Here is why I believe MOOCs can be a boon to women looking to get ahead in their careers.

MOOCs build confidence

When I first started my project to get an MBA-equivalent using MOOCs, I remember feeling like I was playing catch-up. Part of the reason I wanted a business education was that it felt like everyone in the world know more about business than I did. I had the sense that everyone could read a balance sheet, that everyone know what acronyms like MVP and ROI stood for, that it was just me who didn’t have a solid grasp of business vocabulary.

As was reported in The Atlantic  last year, this is an experience common to many women. The “confidence gap” leaves many women feeling like imposters at work, which in turn causes many women to shy away when it comes time to put themselves forward for promotion or other opportunities.

While men may be more likely to take risks at work, women can use MOOCs to build up their confidence before volunteering for a new assignment.Because MOOCs are so low stakes, they can prepare you to take risks in other professional or academic settings.

As I started taking business MOOCs, my confidence began to grow. I stopped feeling that I was lagging behind my colleagues in terms of my understanding of business. As I progressed in my coursework, I even began to see opportunities for my team to improve our operations based on the business concepts I was learning, and I became confident enough to propose new initiatives.

 

MOOCs allow you to try something new

The most popular MOOCs are in technical fields, such as computer science, programming, and data analysis. The gender gap in science, technology, engineering, and mathematics - the so-called STEM fields - is not unique to MOOCs. But the MOOC environment is actually the perfect place for women to try out something new. At the price of $0.00, the stakes couldn’t be lower.
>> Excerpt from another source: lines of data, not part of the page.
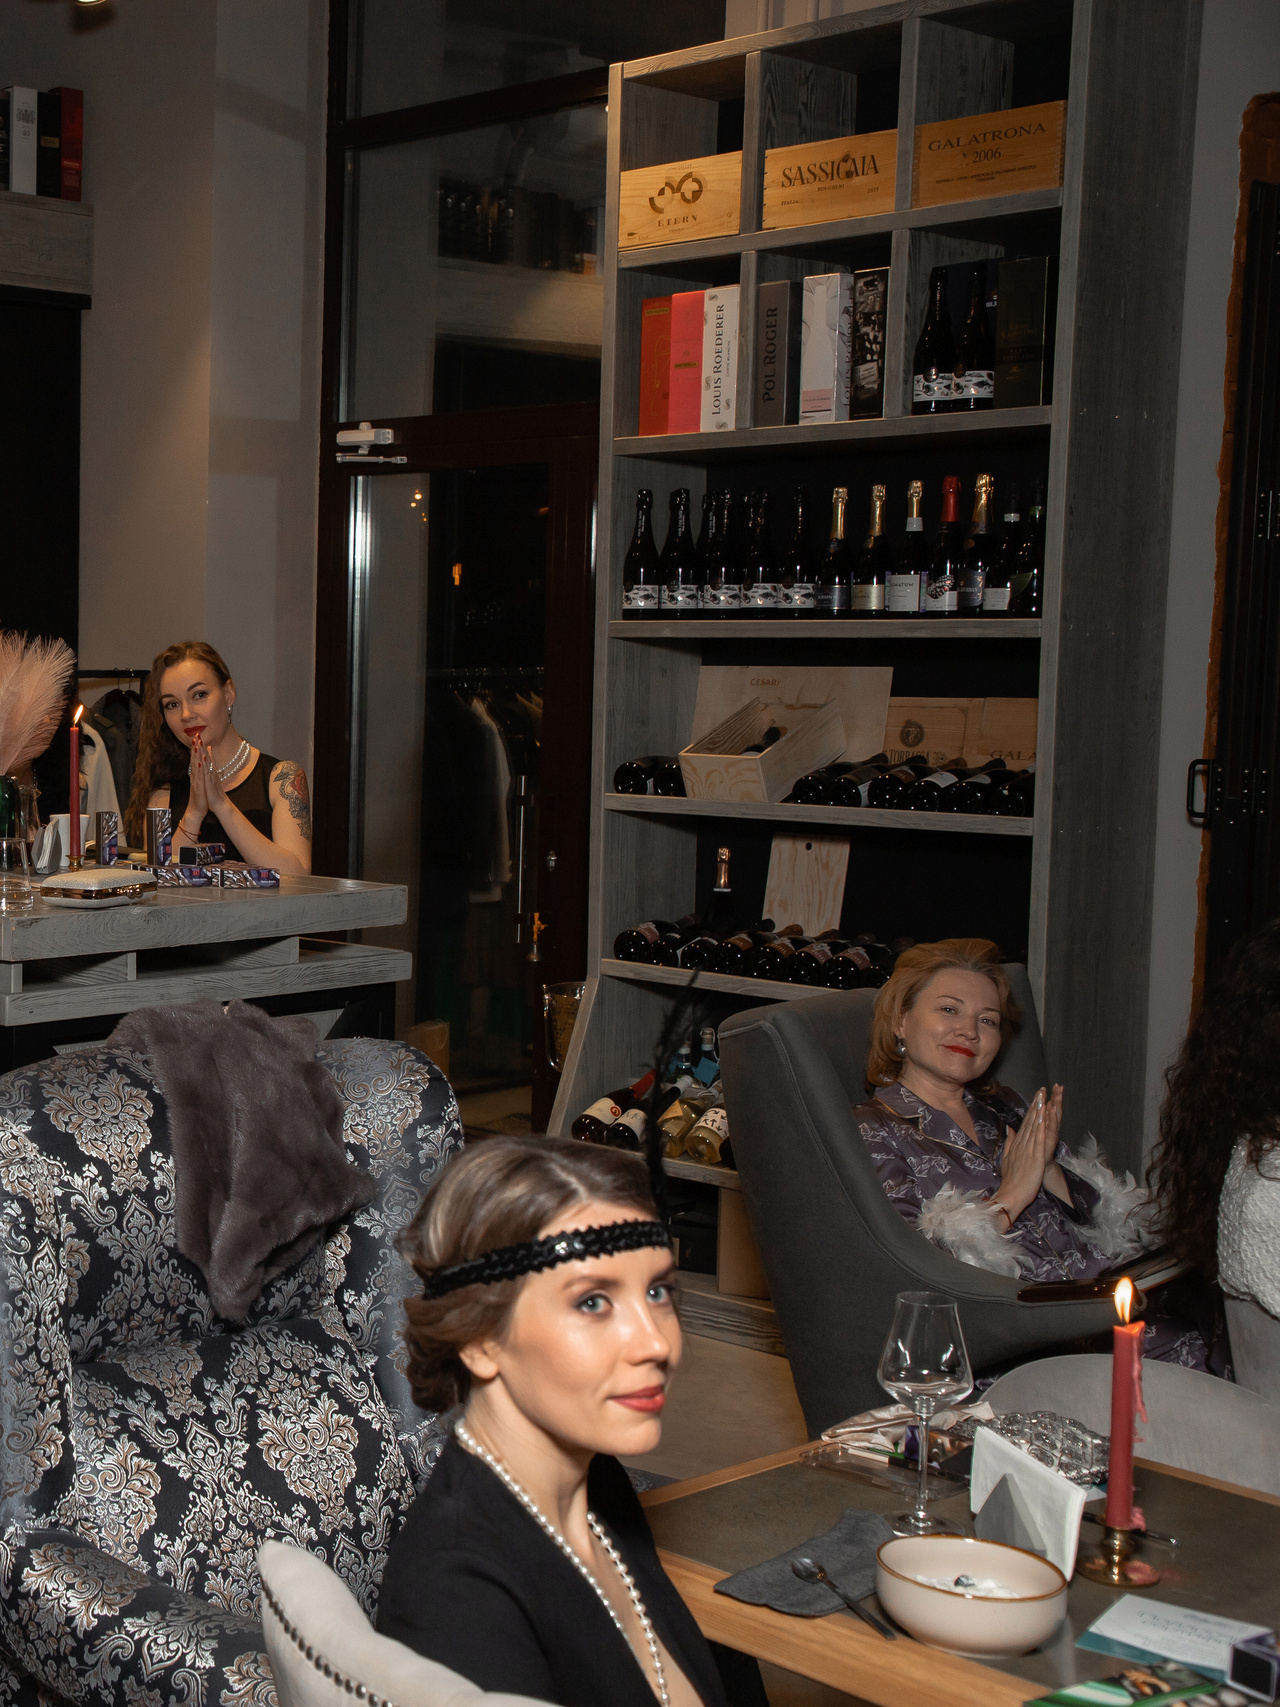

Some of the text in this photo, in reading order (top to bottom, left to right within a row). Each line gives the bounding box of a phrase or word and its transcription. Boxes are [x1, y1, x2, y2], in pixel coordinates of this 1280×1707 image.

[927, 123, 1047, 152] GALATRONA
[971, 147, 1002, 164] 2006
[781, 154, 880, 188] SASSICAIA
[657, 214, 699, 228] ETERN
[711, 304, 725, 416] LOUIS ROEDERER
[762, 306, 778, 403] POL ROGER
[750, 678, 780, 686] CESARI
Carolyn McIntyre, who now runs MoocLab.club, found a passion for coding through MOOC coursework. “Back then I had zero coding knowledge, had no idea what lay behind a web page and had never heard of the acronym MOOC,” she said. “ Now I live and breathe MOOCs and coding and I’m loving it!”
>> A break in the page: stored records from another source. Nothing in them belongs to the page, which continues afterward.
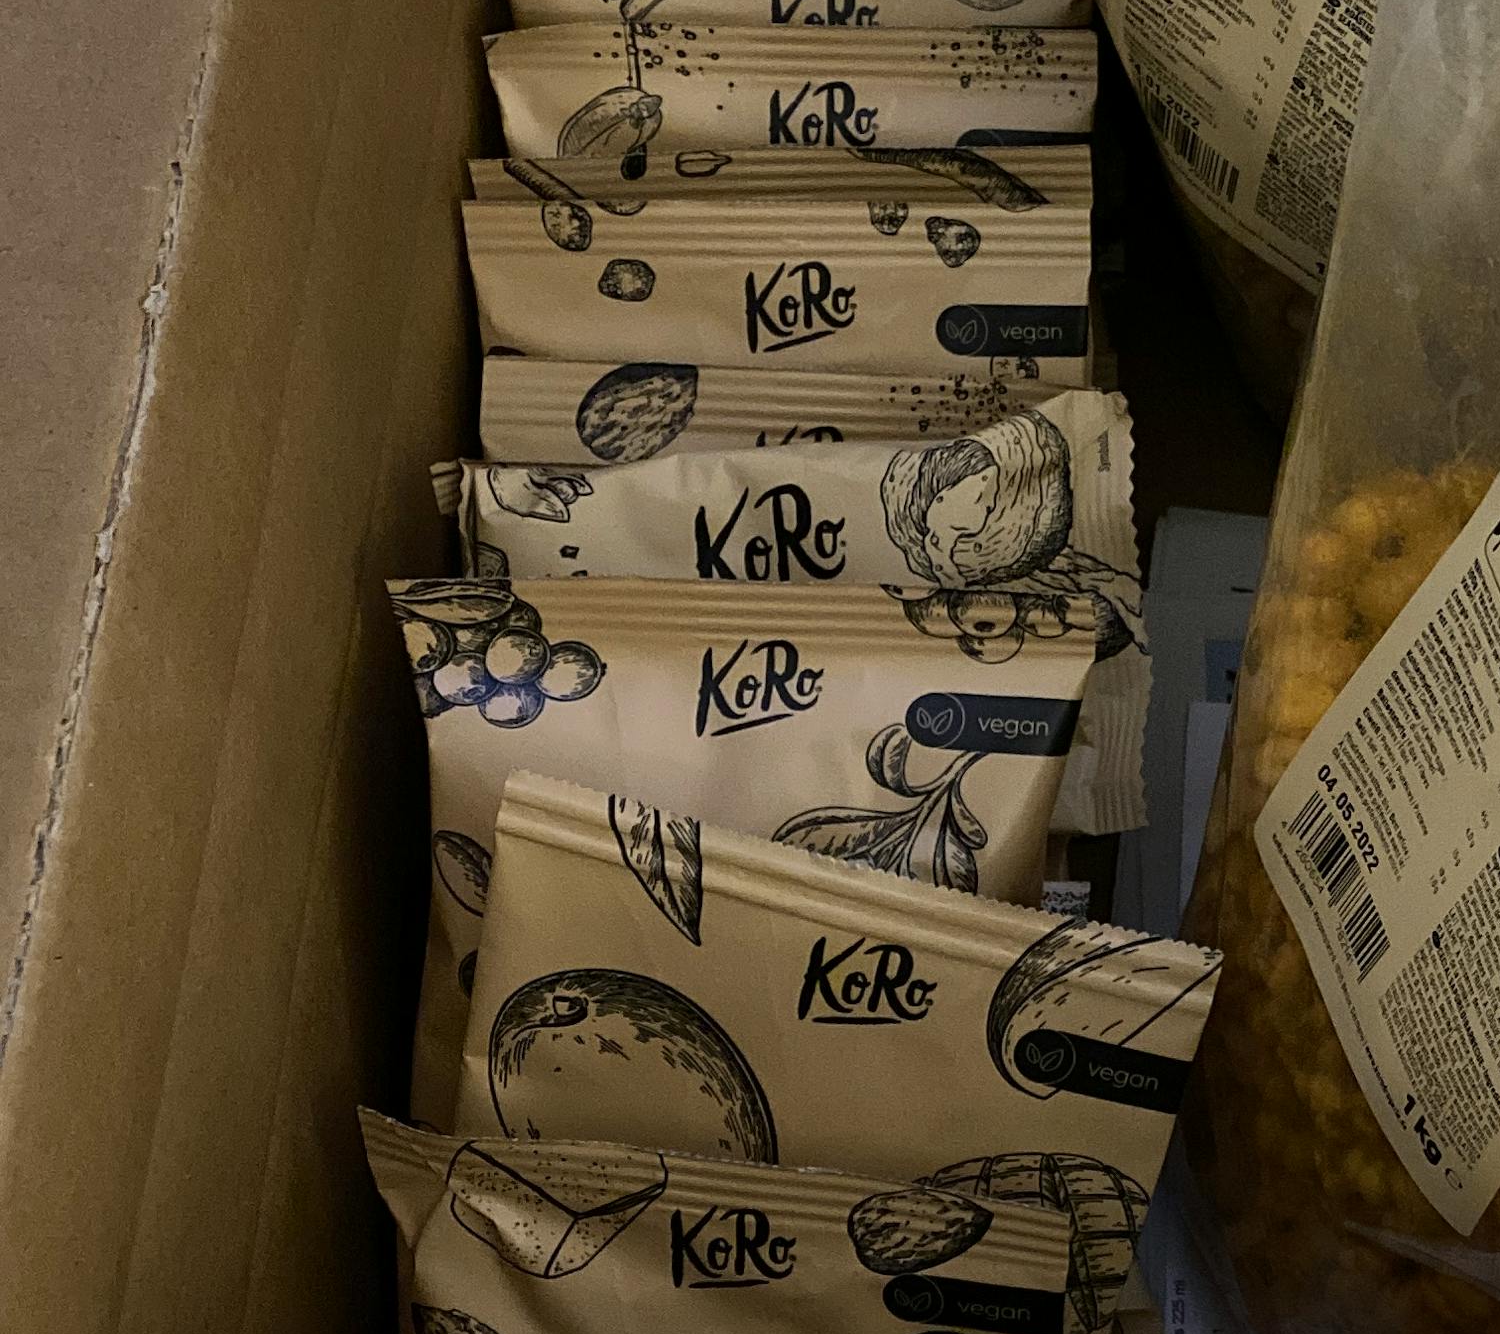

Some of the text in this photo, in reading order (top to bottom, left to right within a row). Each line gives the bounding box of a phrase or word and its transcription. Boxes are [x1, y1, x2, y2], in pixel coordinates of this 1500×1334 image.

[769, 81, 879, 147] KoRo
[745, 261, 1065, 353] KoRo vegan
[695, 483, 847, 581] KoRo
[696, 639, 1051, 741] KoRo vegan
[1318, 764, 1379, 873] 04.05.2022
[798, 937, 1160, 1094] KoRo vegan
[1413, 1115, 1442, 1166] kg
[671, 1207, 1033, 1324] KoRo vegan
For women who have wondered if they might benefit from building a tech-based skill set, MOOCs are the perfect place to start.
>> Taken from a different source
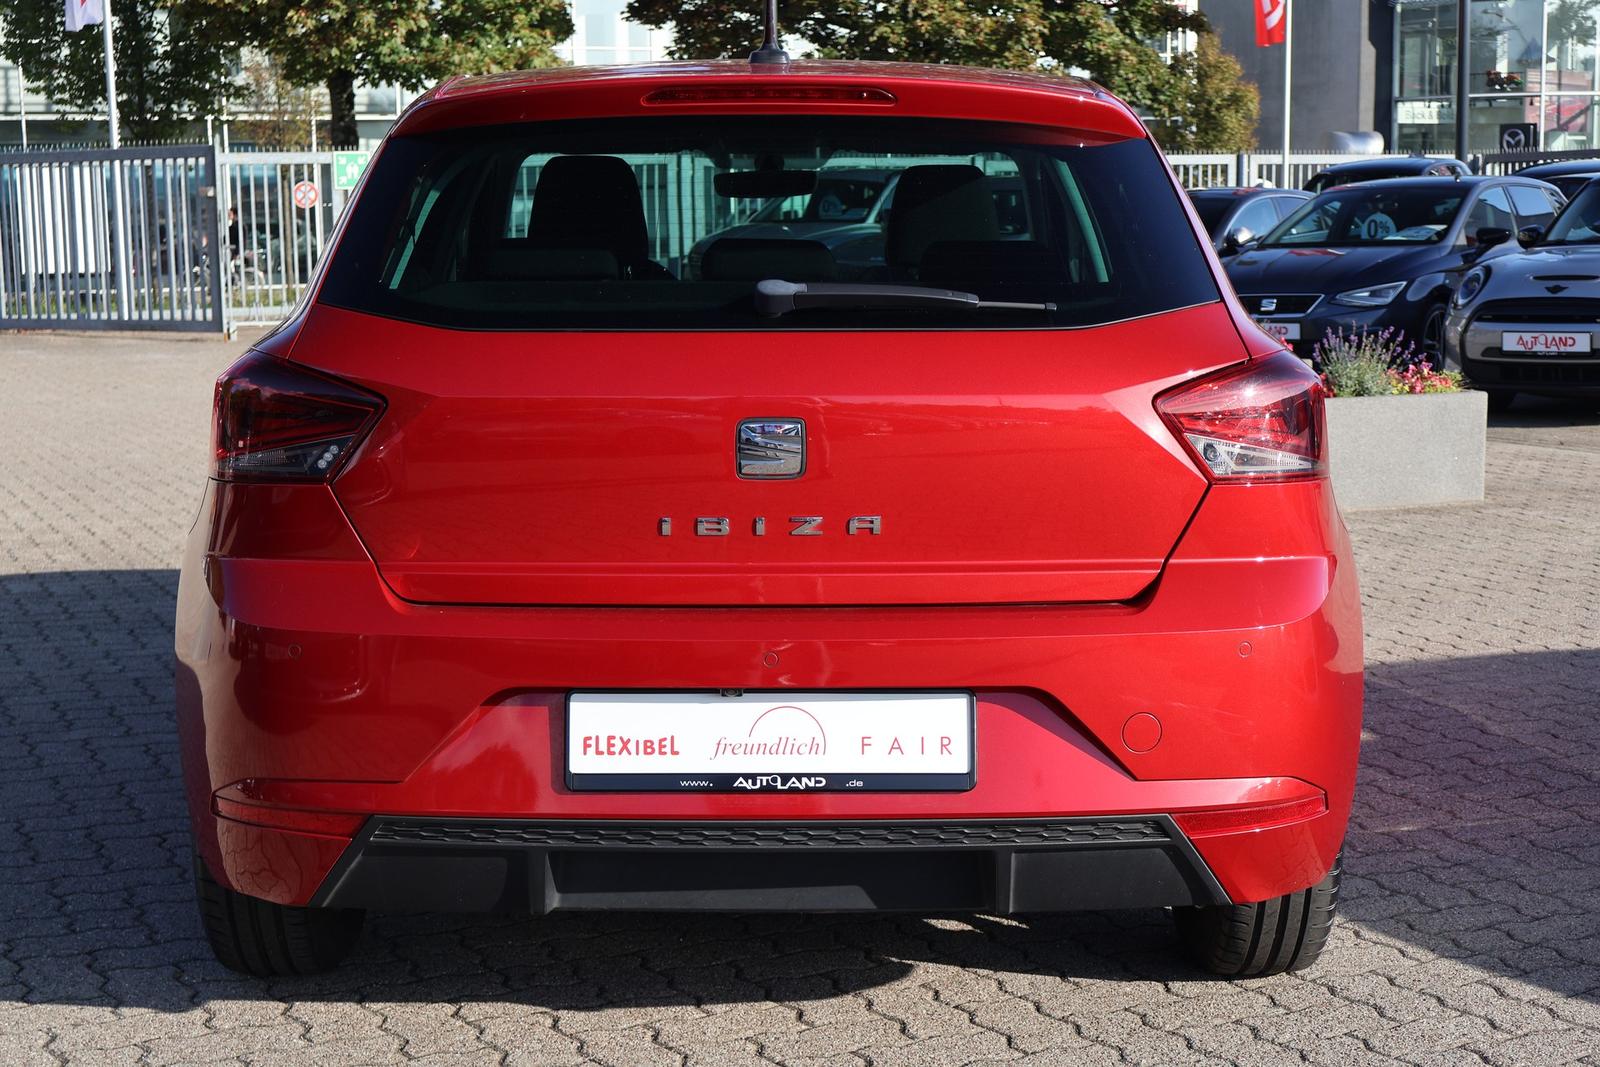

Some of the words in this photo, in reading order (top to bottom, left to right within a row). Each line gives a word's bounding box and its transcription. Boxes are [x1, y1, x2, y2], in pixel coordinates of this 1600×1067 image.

MOOCs and work-life balance

The New York Times reported this year that a 24/7 work culture takes a heavy toll on women in particular. At the same time, women are more likely than men to use formal flexible working arrangements, while men are more likely to simply take the time they needed without asking for it. Perhaps a similar preference for formal agreements keeps women from exploring educational alternatives that have not yet been established as clear pathways to career advancement.

Given the fact that MOOCs are so much more flexible than traditional educational programs, they could be a huge boon to women (and men) seeking to preserve work-life balance while continuing to build skills.

For example, Nick Switzer, a medical device engineer from California, turned down the opportunity to get a formal business education at his company’s expense, opting instead for a MOOC-based business education. In large part, this decision was based on a desire to spend more time with his young children and to keep a more flexible schedule in the evenings.

Likewise, Hillary Strobel owns a media business and is taking MOOC courses to improve her knowledge of business. She finds that MOOCs allow her to work around her toddler’s schedule. Nap time guarantees her at least an hour to watch online lectures, though she may not know exactly when that hour will start. With MOOCs, that isn’t a problem.

How to get started

For women interested in exploring MOOCs as career enhancement, there are a lot of great resources to help you get started. The Washington Post published an article last week with some great tips. But the best thing to do is to simply log into one of the MOOC platforms - Coursera and edX are my favorites - and start browsing the course listings. You’re almost guaranteed to find something both piques your interest and has a direct application at work.